Por psicólogo Geofilho Ferreira Moraes
CRP-12/10.011
20 de junho de 2011

Minha experiência como pessoa cega e agora psicólogo que busca vencer na vida

Por meio desse artigo que escrevo, apresento a síntese da minha história de vida até o dia de hoje. Descrevo a experiência de ser pessoa com deficiência visual, e de como fui realizando conquistas até concluir a graduação em psicologia e de como pretendo continuar minha vida como psicólogo.
Sou Geofilho, 31 anos de idade, solteiro sem filhos; natural de Araguaína ? Tocantins. Nasci com glaucoma congênito, sempre fui pessoa com baixa visão.
Perdi a visão do olho esquerdo aos 11 anos, quando eu e minha família estávamos na praia em Babaçulândia em To, passando as férias. Numa brincadeira de criança: comer melancia e jogar cascas um no outro, meu olho esquerdo foi atingido, tendo hemorragia interna e vindo a atrofiar-se com o tempo.

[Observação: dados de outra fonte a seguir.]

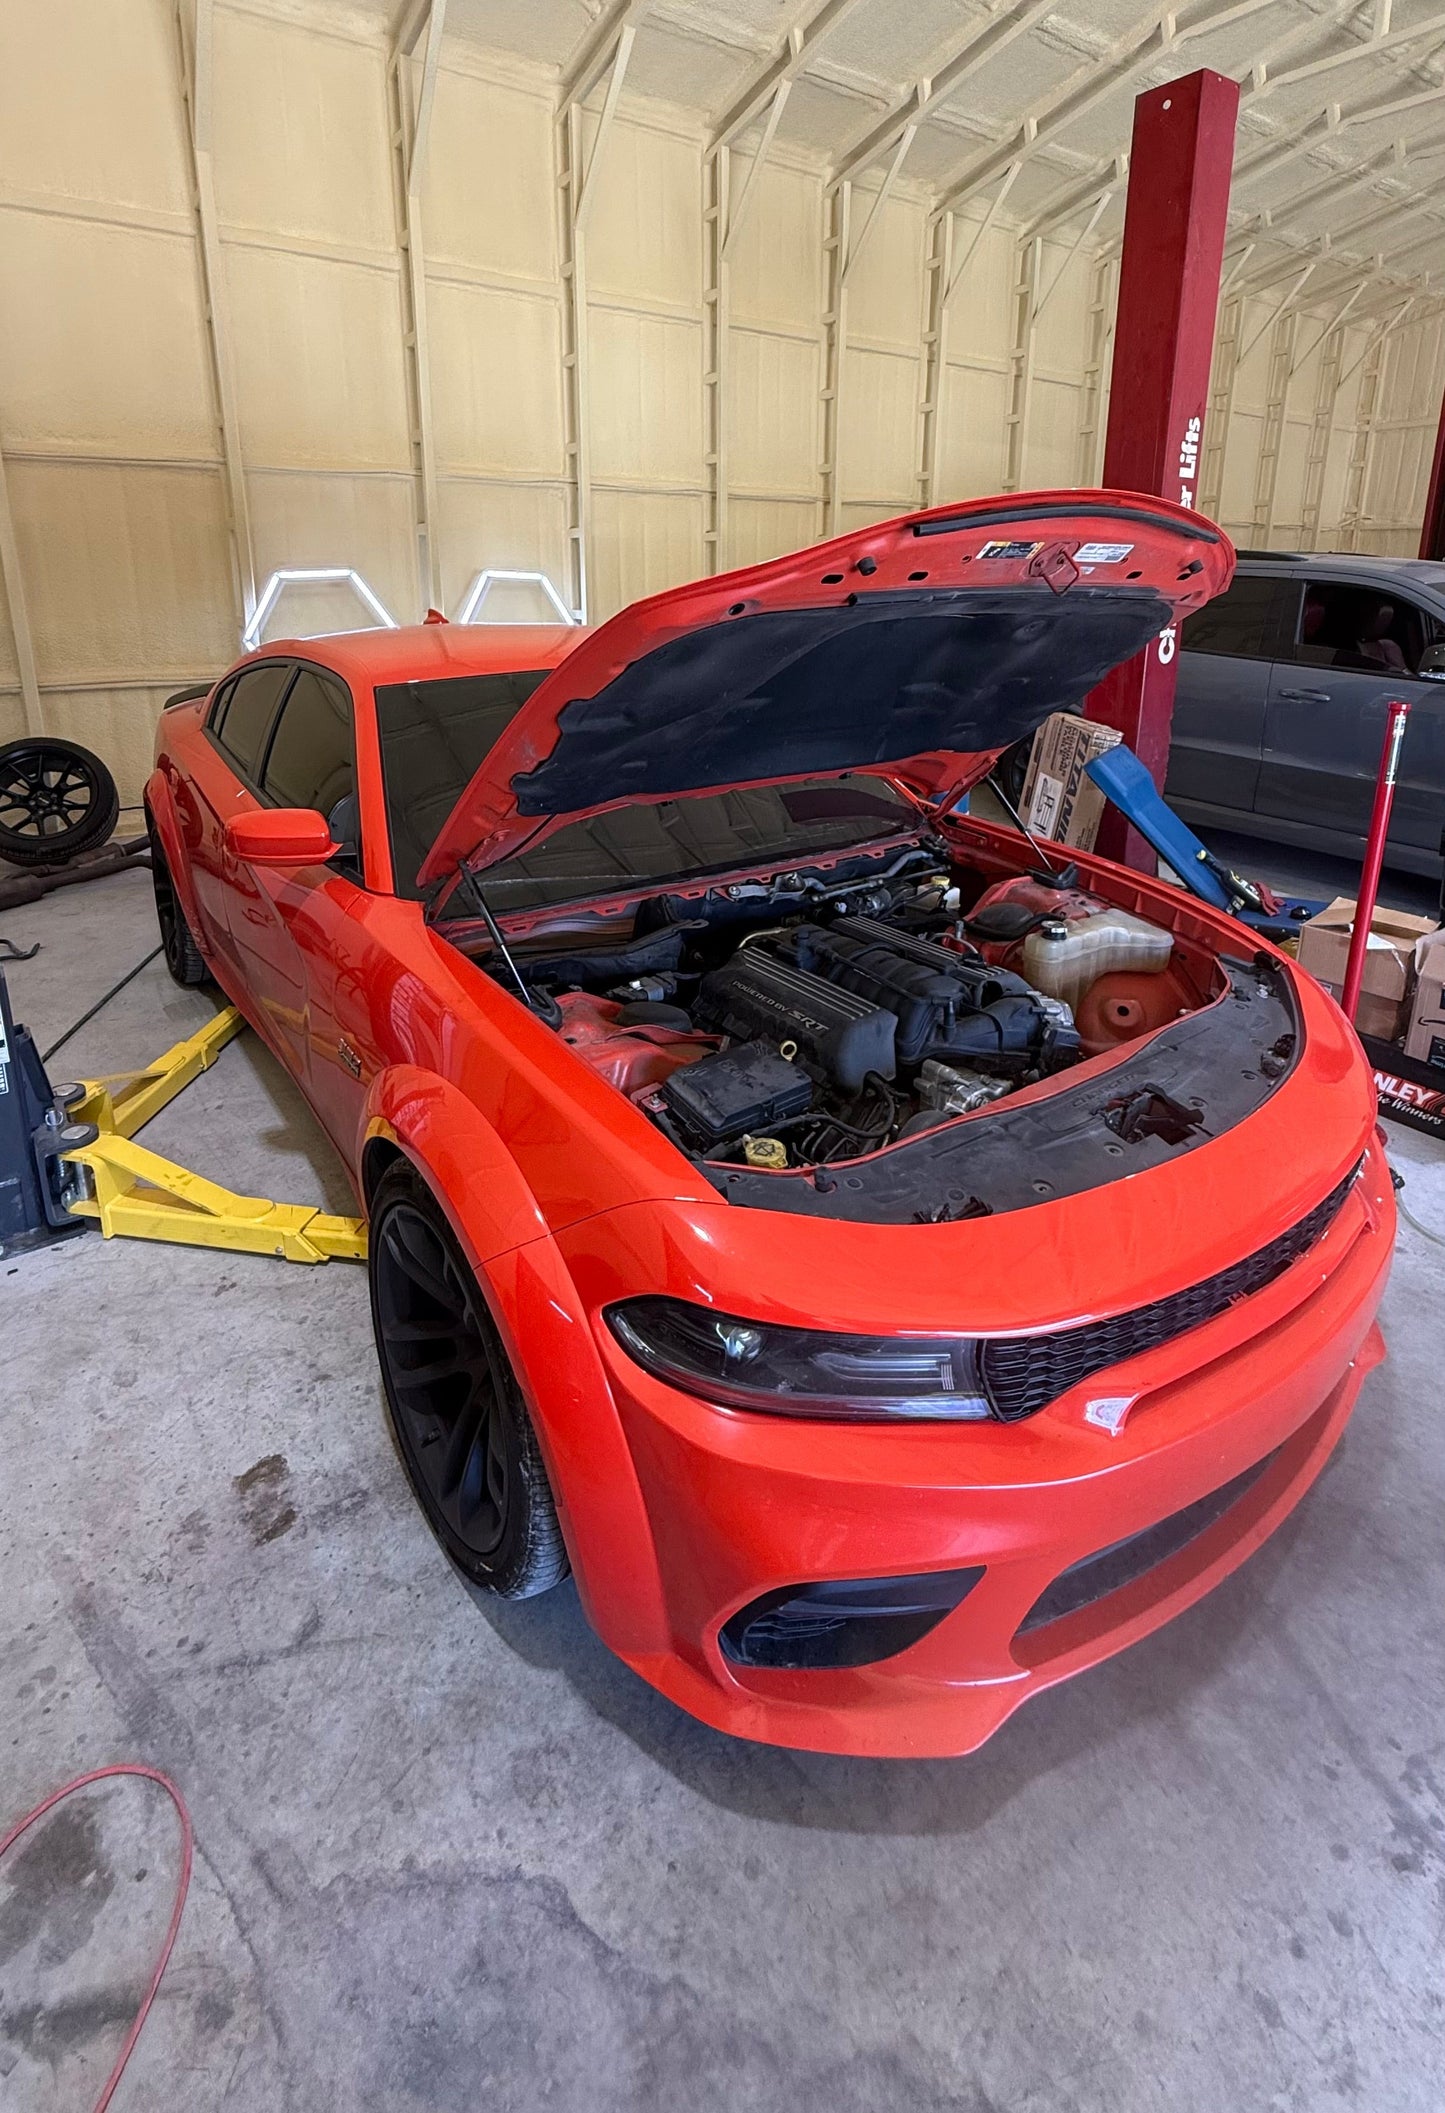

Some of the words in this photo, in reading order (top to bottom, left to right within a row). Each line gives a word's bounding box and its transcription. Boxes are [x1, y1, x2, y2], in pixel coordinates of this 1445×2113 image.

[1179, 416, 1201, 478] Lifts
[732, 980, 776, 1006] POWERED
[774, 1003, 790, 1012] BY
[788, 1010, 830, 1032] SRT
[1374, 1072, 1436, 1106] NLEY
[1391, 1097, 1444, 1125] Winners

Do olho direito, aos 15 anos, fiquei cego por conseqüência do glaucoma. A pressão ocular foi aumentando e eu não tive consciência de que estava perdendo a visão, quando fui ao médico já era tarde demais para recuperar o que havia perdido.
Sou filho de uma família pobre, meus pais se separaram em 1998. Tenho um irmão e uma irmã mais velhos que eu, minha família mora em Araguaína. Desde que fiquei cego passei a receber o benefício LOAS.

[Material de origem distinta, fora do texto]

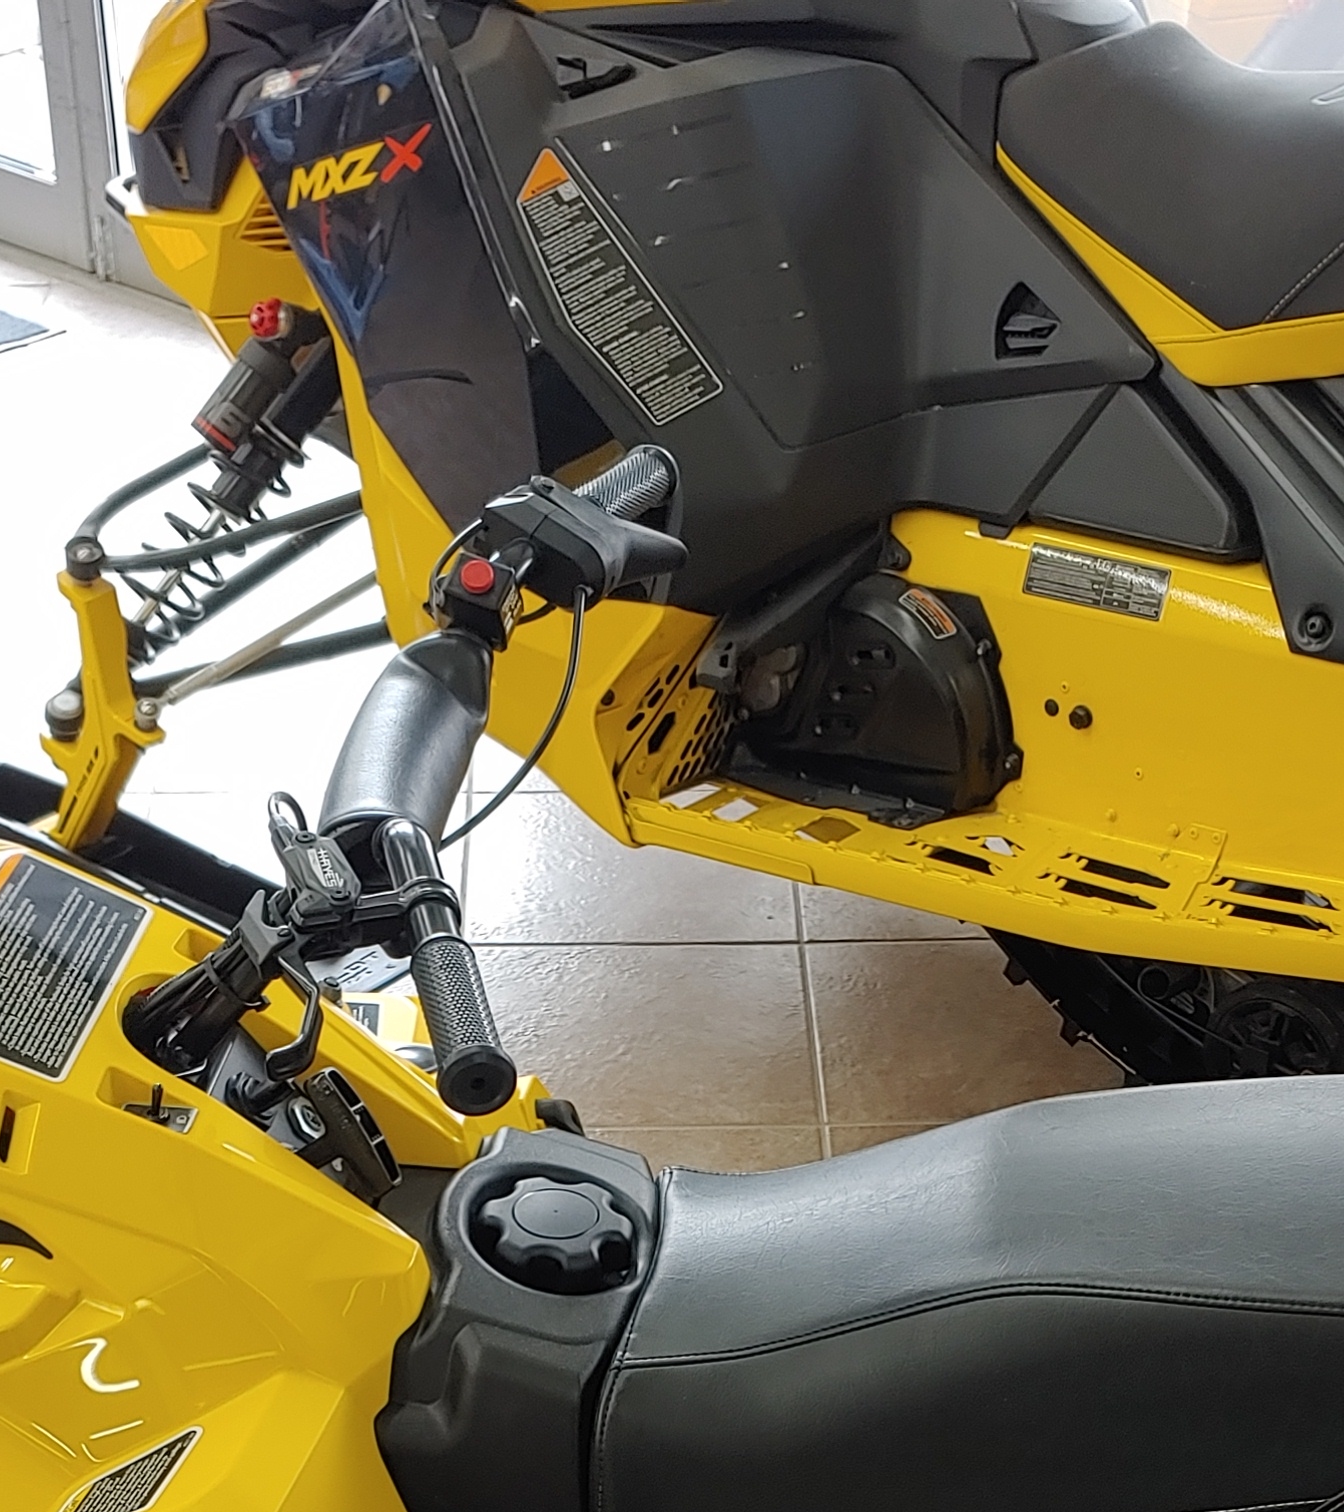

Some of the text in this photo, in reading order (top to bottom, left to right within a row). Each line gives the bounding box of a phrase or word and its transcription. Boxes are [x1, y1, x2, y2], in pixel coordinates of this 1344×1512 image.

[287, 122, 432, 210] MXZ X
[317, 847, 337, 887] HAYES

Quando perdi a visão fiquei aproximadamente seis meses sem querer estudar, mas dentro de mim nunca me senti fraco, sempre senti confiança em mim mesmo. No início tinha preconceitos em relação a ter que utilizar Braille, de ter que andar com o auxílio de bengala. O principal sentimento que tinha era vergonha de estar nesta situação, de andar nas ruas de bengala, e imaginava as pessoas me olhando e me chamando de ceguinho ou coitadinho.
Aos 17 anos, descobri ouvindo os psicólogos e psiquiatras que iam aos programas da Silvia Popovic na rede Bandeirantes, que eu tinha facilidade para compreender os fenômenos psicológicos, a partir dos temas discutidos nos programas dela.

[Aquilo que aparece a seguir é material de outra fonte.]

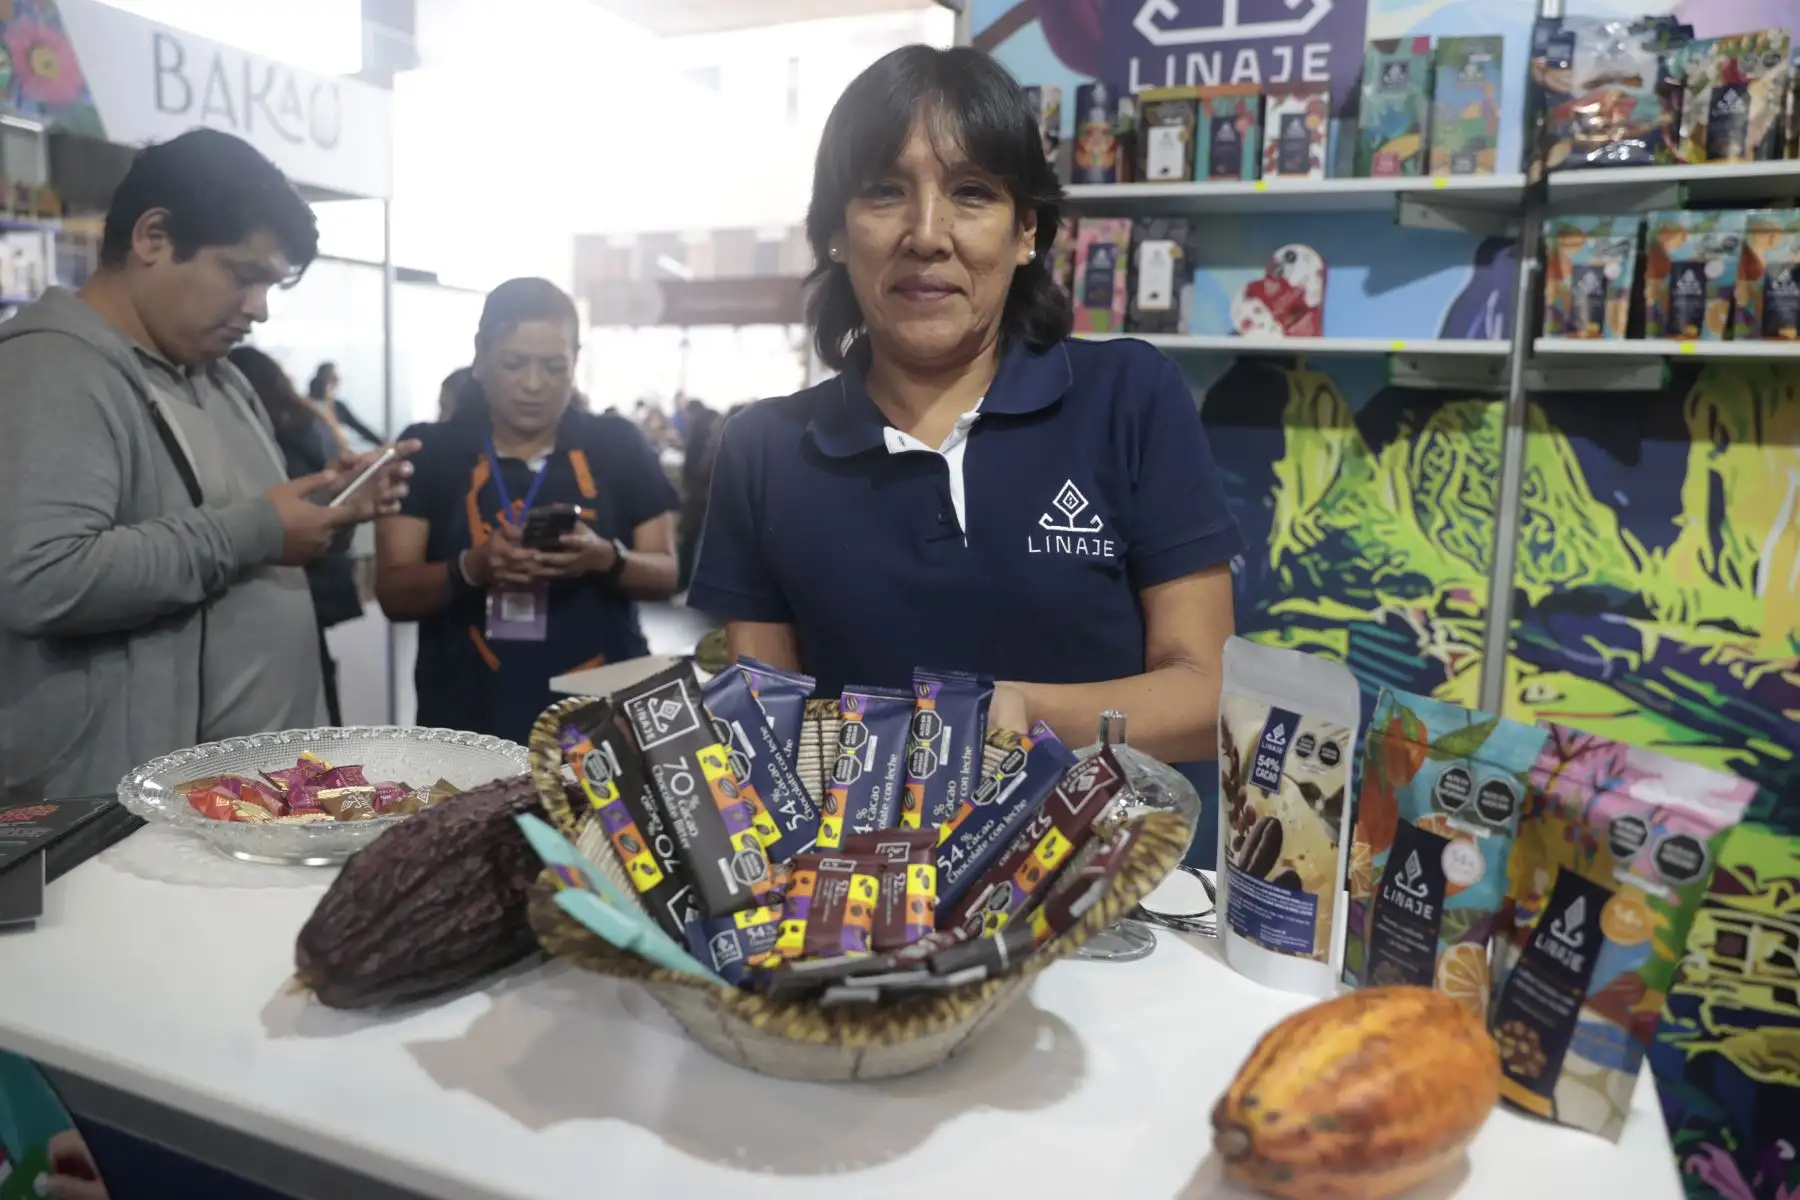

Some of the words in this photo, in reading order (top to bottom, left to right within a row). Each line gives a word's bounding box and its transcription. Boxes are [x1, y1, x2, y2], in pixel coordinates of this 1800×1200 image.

Em 2001 quando estudava no colégio Guilherme Dourado e estava na sétima série, ouvi uma reportagem no programa "A voz do Brasil" que informava que o governo federal distribuiria livros em Braille para alunos do ensino fundamental, mas esses livros nunca chegavam ao Tocantins. Enviei uma carta em Braille ao ministro da educação Paulo Renato Souza; fiz um desabafo por não ter recebido os livros, ele leu minha carta no programa A voz do Brasil, e afirmou que iria tomar providências. Passado alguns dias recebi uma carta do Instituto Benjamin Constant de que eu receberia os livros em casa.
A escola Modelo em Araguaína onde aprendi Braille recebeu do ministério da educação (sem passar por sorteio) impressora Braille e outros materiais para trabalhar com pessoas cegas.
Conheci Maria da Glória Batista Mota (popular Glorinha) em 2005 na festa de final de ano na ACIC (Associação Catarinense para a Integração do Cego). No período em que escrevi a carta ao ministro Paulo Renato, Glorinha trabalhava como assessora na secretaria de educação especial do MEC, ela transcrevia minhas cartas em Braille que enviava. Ela já declarou várias vezes que foi a partir dessa carta que enviei que vários núcleos de educação especial com equipamentos para cegos foram abertos no Brasil.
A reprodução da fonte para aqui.